At present, few studies describe the presence of ceftobiprole resistance among clinical isolates. In a study conducted in France with 440 S. aureus (MSSA and MRSA) isolates from bron-chopulmonary infections, only one ceftobiprole resistant strain (MIC 4 mg/L) was detected among the MRSA (n=115) subpopulation [32]. This strain (clonal complex, CC8) was a PVL-negative MRSA strain isolated from a tracheal aspirate, presenting a mutation in PBP2a previously associated with low-level resistance to ceftobiprole and ceftaroline. The strain was resistant to both ceftobiprole and ceftaroline, but remained susceptible to vancomycin, daptomycin, and linezolid. The authors noted that the MRSA subpopulation displayed higher ceftobiprole MIC50 and MIC90 (1 mg/L), and interestingly, that the genetic background of S. aureus strains (agr group and CC) may slightly impact the strain susceptibility to ceftobiprole [32].

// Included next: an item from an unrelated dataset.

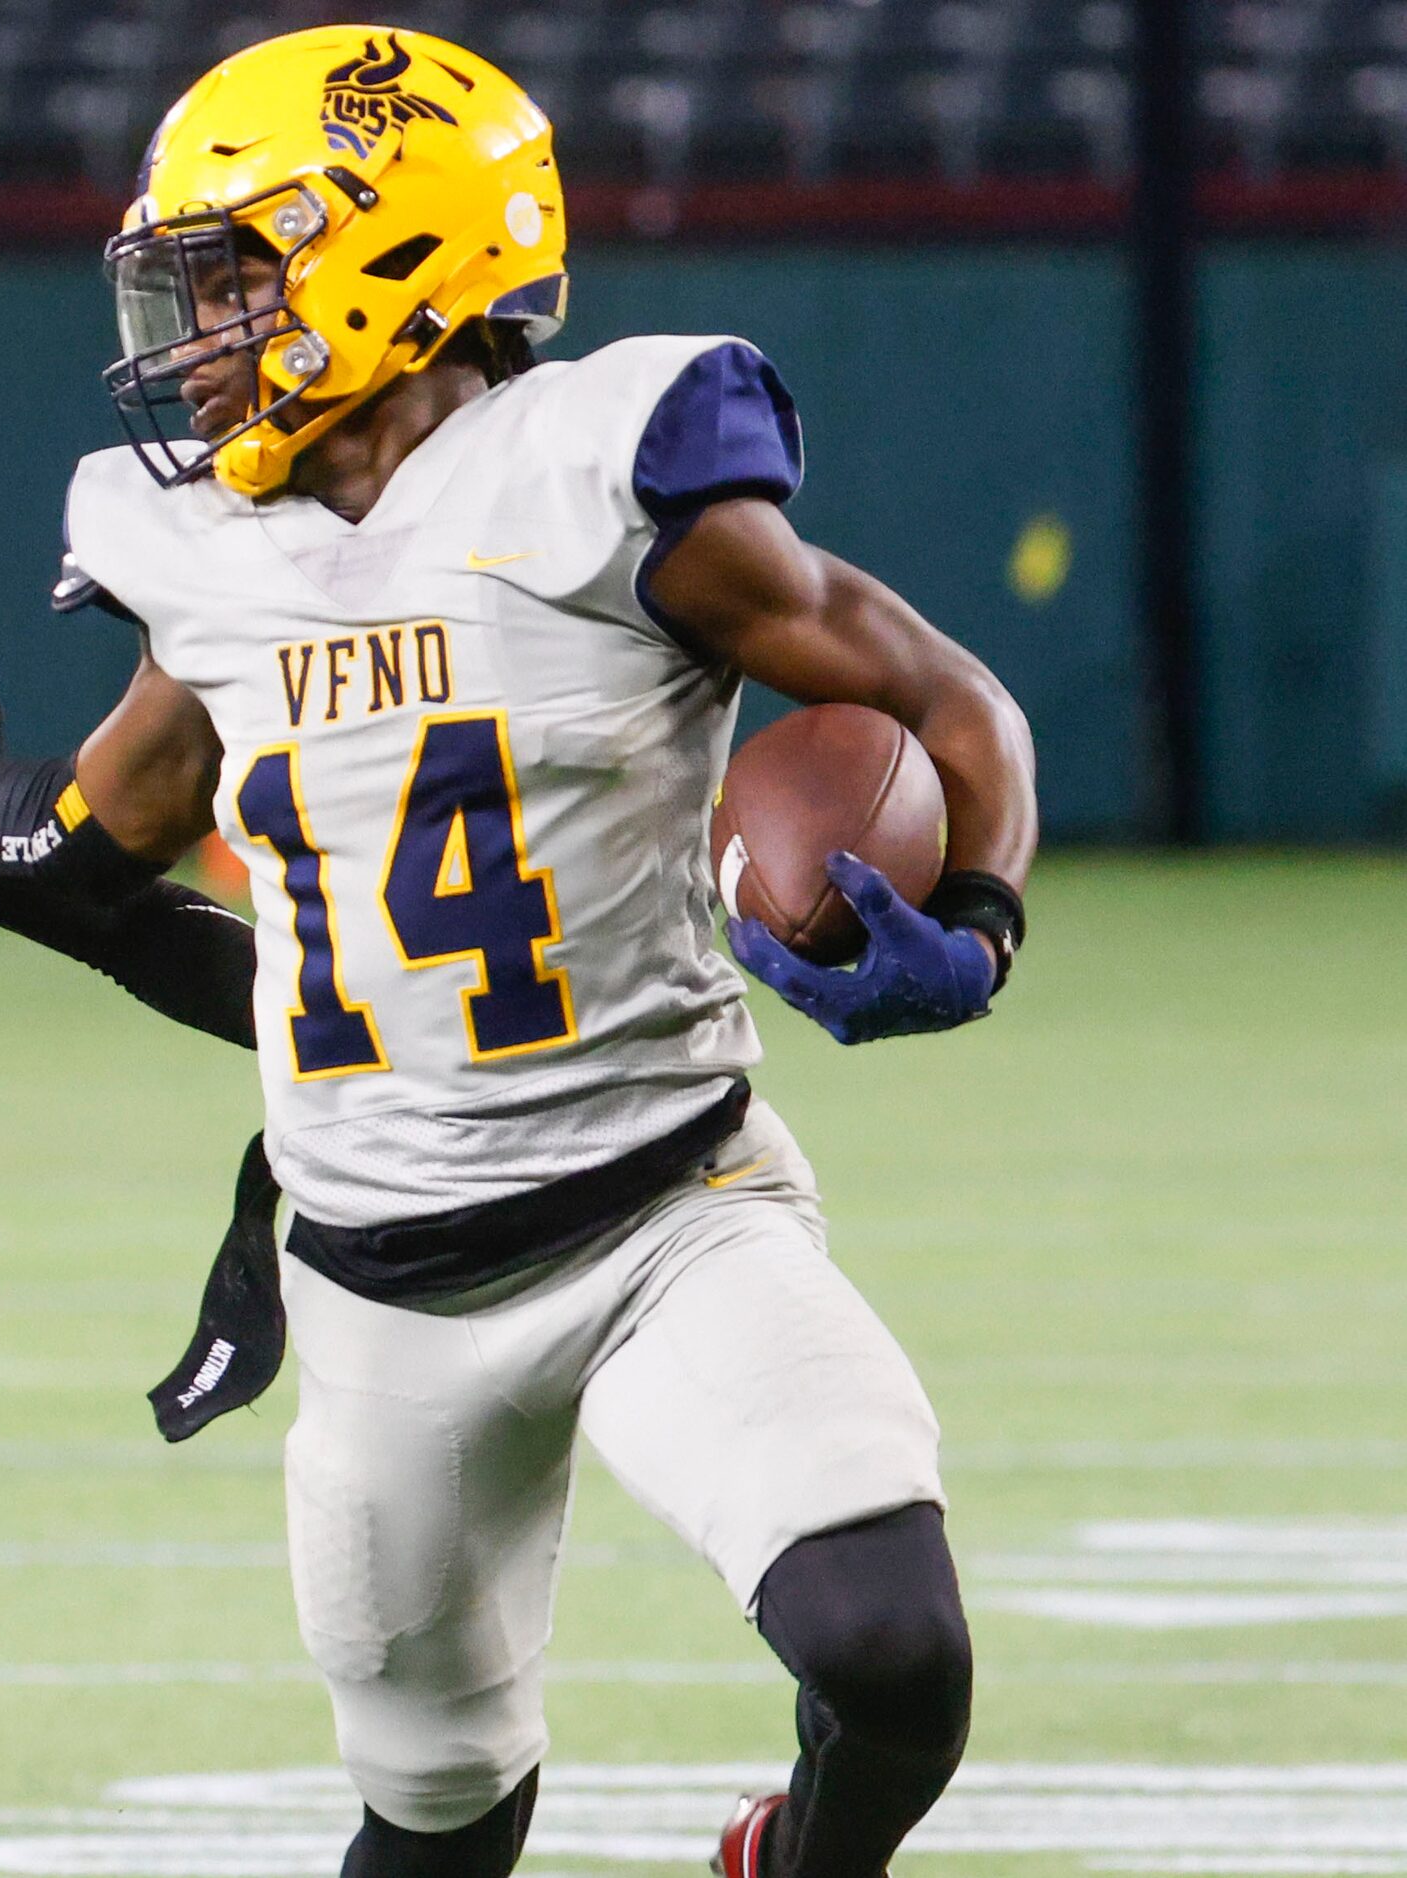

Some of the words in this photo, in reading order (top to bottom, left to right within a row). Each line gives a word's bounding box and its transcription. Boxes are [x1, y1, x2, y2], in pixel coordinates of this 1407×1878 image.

During a one-year surveillance study in an Italian Hospital, 12% of ceftobiprole resistance (12/102 isolates; MIC, 4 mg/L) among the MRSA population (only mecA producers) was found. After epidemiological characterization, isolates belonged to different clones, as well as substitutions in all PBPs and with a novel insertion in PBP2a [26]. It is worth mentioning that ceftobiprole became available at the hospital only one year before the study took place thus selective pressure for this situation can be excluded [33].
Though the presence of resistant isolates in the clinical setting is at present scarcely observed, ceftobiprole susceptibility screening is essential to avoid therapeutic failure and the spread of resistant strains. Close microbiological monitoring of isolates should be maintained to prevent resistant strains diffusion by early detection of changes in susceptibility pattern. In a recent surveillance study monitoring ceftobiprole susceptibility performed in USA with blood isolates, only 0.3% (4 isolates over 558 tested isolates) of MRSA were non-susceptible to ceftobiprole [34].
CONCLUSIONS
Ceftobiprole is a novel parenteral extended-spectrum cephalosporin covering resistant Gram-positive and Gram-negative organisms due to its inhibition of abnormal PBP2a in MRSA and PBP2b and PBP2x in the case of β-lactam-resistant pneumococci. Moreover, it is also effective against Enterobacterales not producing extended-spectrum β-lactamases, AmpC overproducers or carbapenemases, and susceptible P. aeruginosa. This activity and results from clinical trials positions this cephalosporin for the treatment of community-acquired pneumonia and hospitalacquired pneumonia with the exception of ventilator-associated pneumonia in patients who require a broad-spectrum treatment with the highest safety due to the novel broad spectrum of coverage that has been shown as cephalosporin.
CONFLICTS OF INTERESTS
RC has participated in educational programs sponsored by Pfizer.